El Real Madrid está dispuesto a jugar con la paciencia de Chelsea y Tottenham. Según explica el diario The Sun, el próximo verano, los blancos plantearan a ambos clubes ofertas de unos 50 millones de libras (alrededor de 56 M€) por Eden Hazard y Christian Eriksen, respectivamente.

Aunque saben que dicha cantidad se queda a años luz de lo que vienen exigiendo sus directivas, los merengues quieren valorar con estas propuestas la reacción de unas entidades que, en caso de no poder ampliar los contratos de sus jugadores, se arriesgan a perderlos justo un año después sin recibir contraprestación alguna.

En Concha Espina asumen que estos primeros acercamientos resultarán infructuosos, pero confían en que sirvan para hacer ver a los dirigentes de uno y otro club que si los futbolistas no quieren estirar su vínculo, negociar con ellos puede ser una buena oportunidad de negocio para todas las partes.

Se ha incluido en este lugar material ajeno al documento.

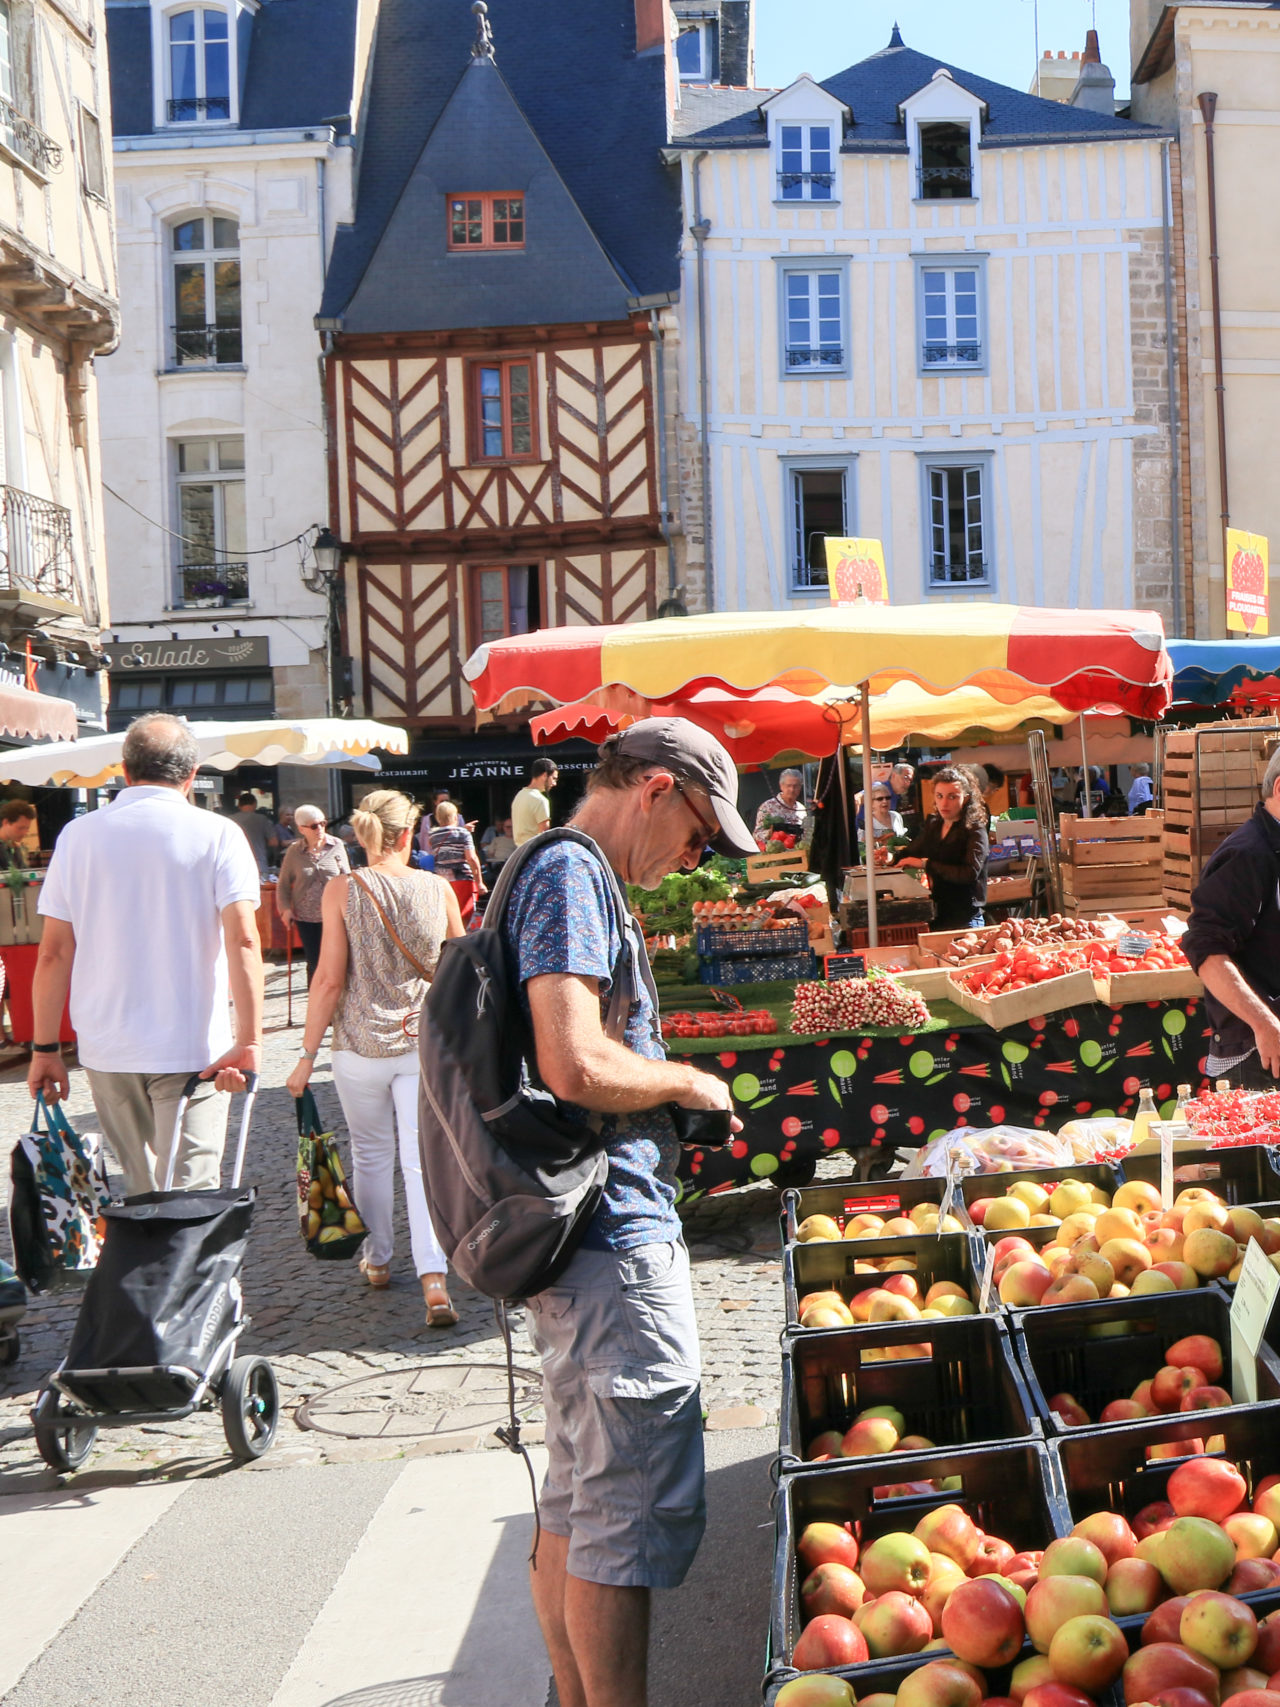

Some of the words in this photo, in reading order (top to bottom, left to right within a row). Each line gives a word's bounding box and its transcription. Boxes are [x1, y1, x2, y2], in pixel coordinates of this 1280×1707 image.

[1231, 590, 1257, 604] FRAISES
[1257, 595, 1265, 606] DE
[1229, 601, 1267, 616] PLOUGASTEL
[121, 642, 210, 669] Salade
[448, 765, 525, 779] JEANNE
[466, 1219, 500, 1251] Quechua
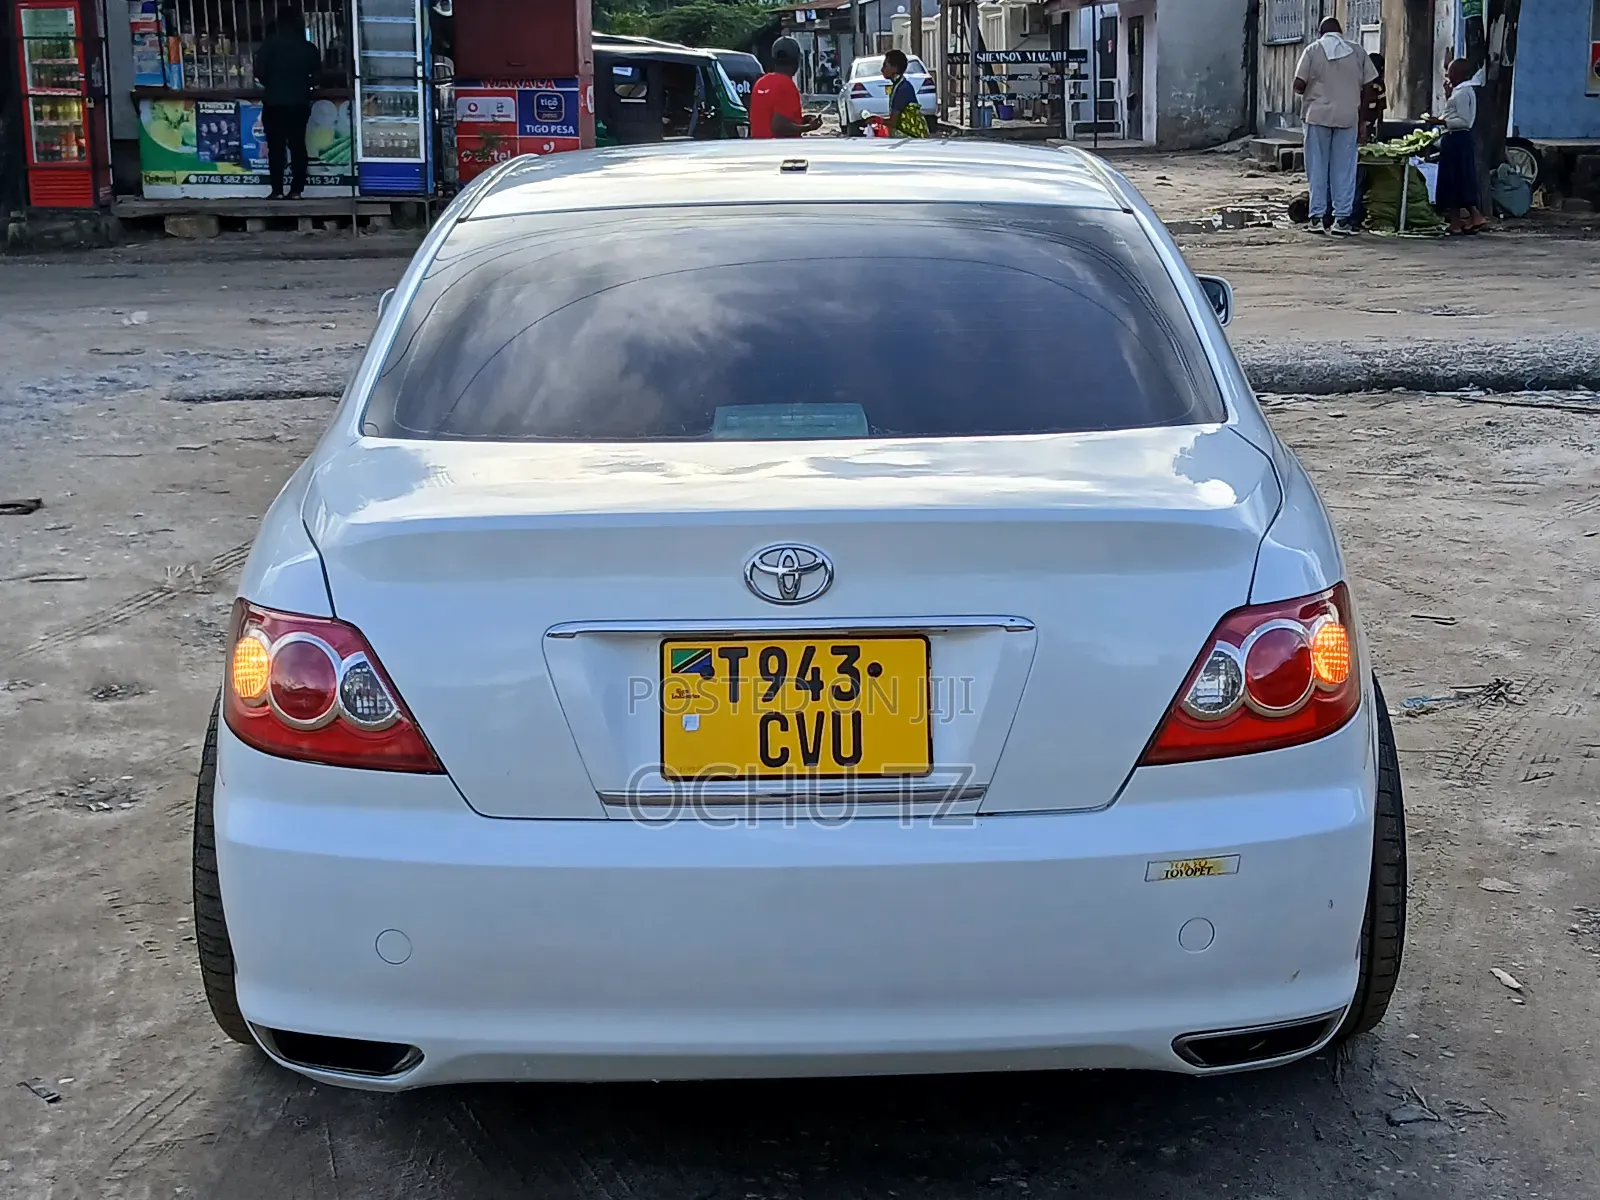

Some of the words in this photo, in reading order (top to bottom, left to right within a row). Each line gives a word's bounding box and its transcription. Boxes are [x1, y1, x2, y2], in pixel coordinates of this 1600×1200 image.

[481, 79, 556, 89] WAKALA
[540, 97, 559, 110] tigo
[525, 125, 549, 134] TIGO
[551, 125, 575, 134] PESA
[323, 176, 340, 185] 347
[758, 710, 862, 768] CVU
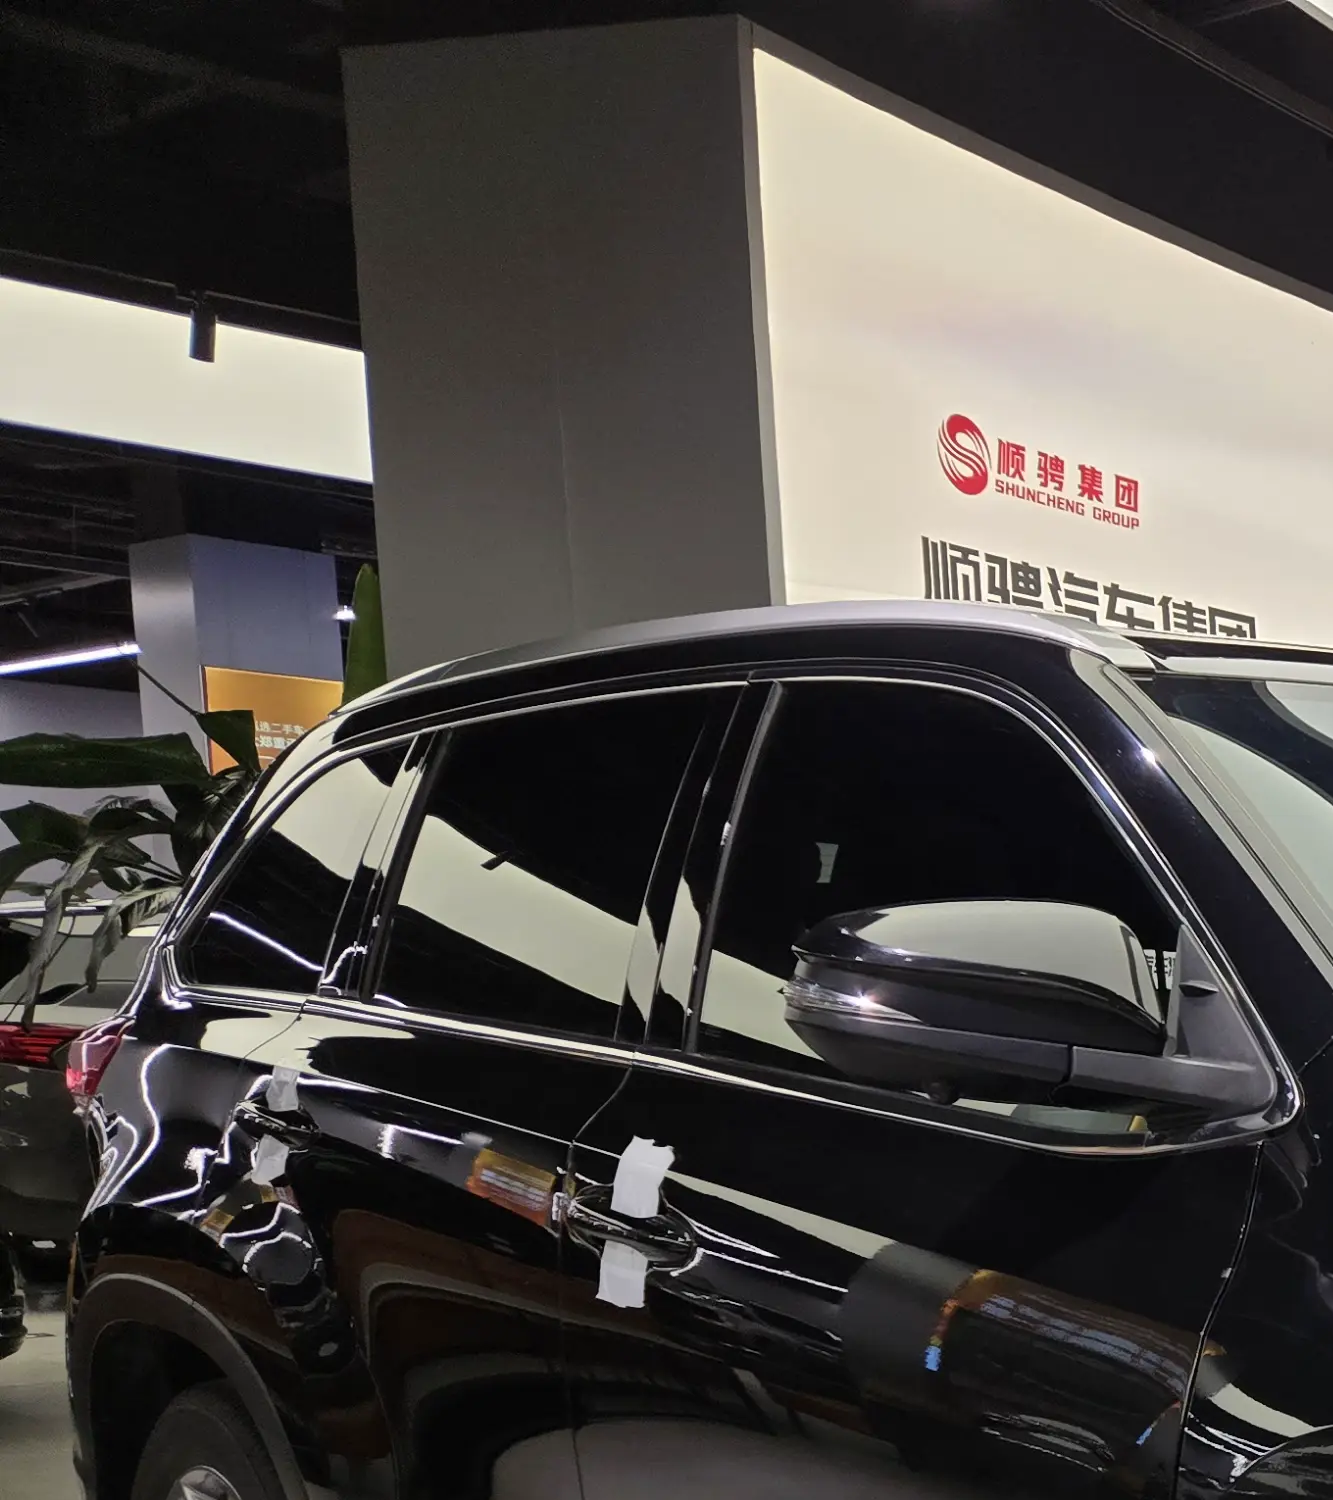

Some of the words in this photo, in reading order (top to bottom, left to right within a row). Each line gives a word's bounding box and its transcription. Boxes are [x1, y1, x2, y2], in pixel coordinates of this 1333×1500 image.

[995, 479, 1085, 517] SHUNCHENG
[1092, 506, 1140, 530] GROUP
[997, 437, 1139, 513] 顺骋集团

El rotativo añade que el creciente interés en el danés Eriksen tiene que ver con la necesidad de localizar un relevo de garantías para Luka Modric, futbolista que va camino de los 34 años y que además se ha convertido en uno de los grandes objetivos del Inter de Milán. A Hazard por su parte, el diario cuelga el rol de heredero de Cristiano Ronaldo, jugador para el que los de Chamartín aún no han encontrado un recambio en lo que llevamos de temporada.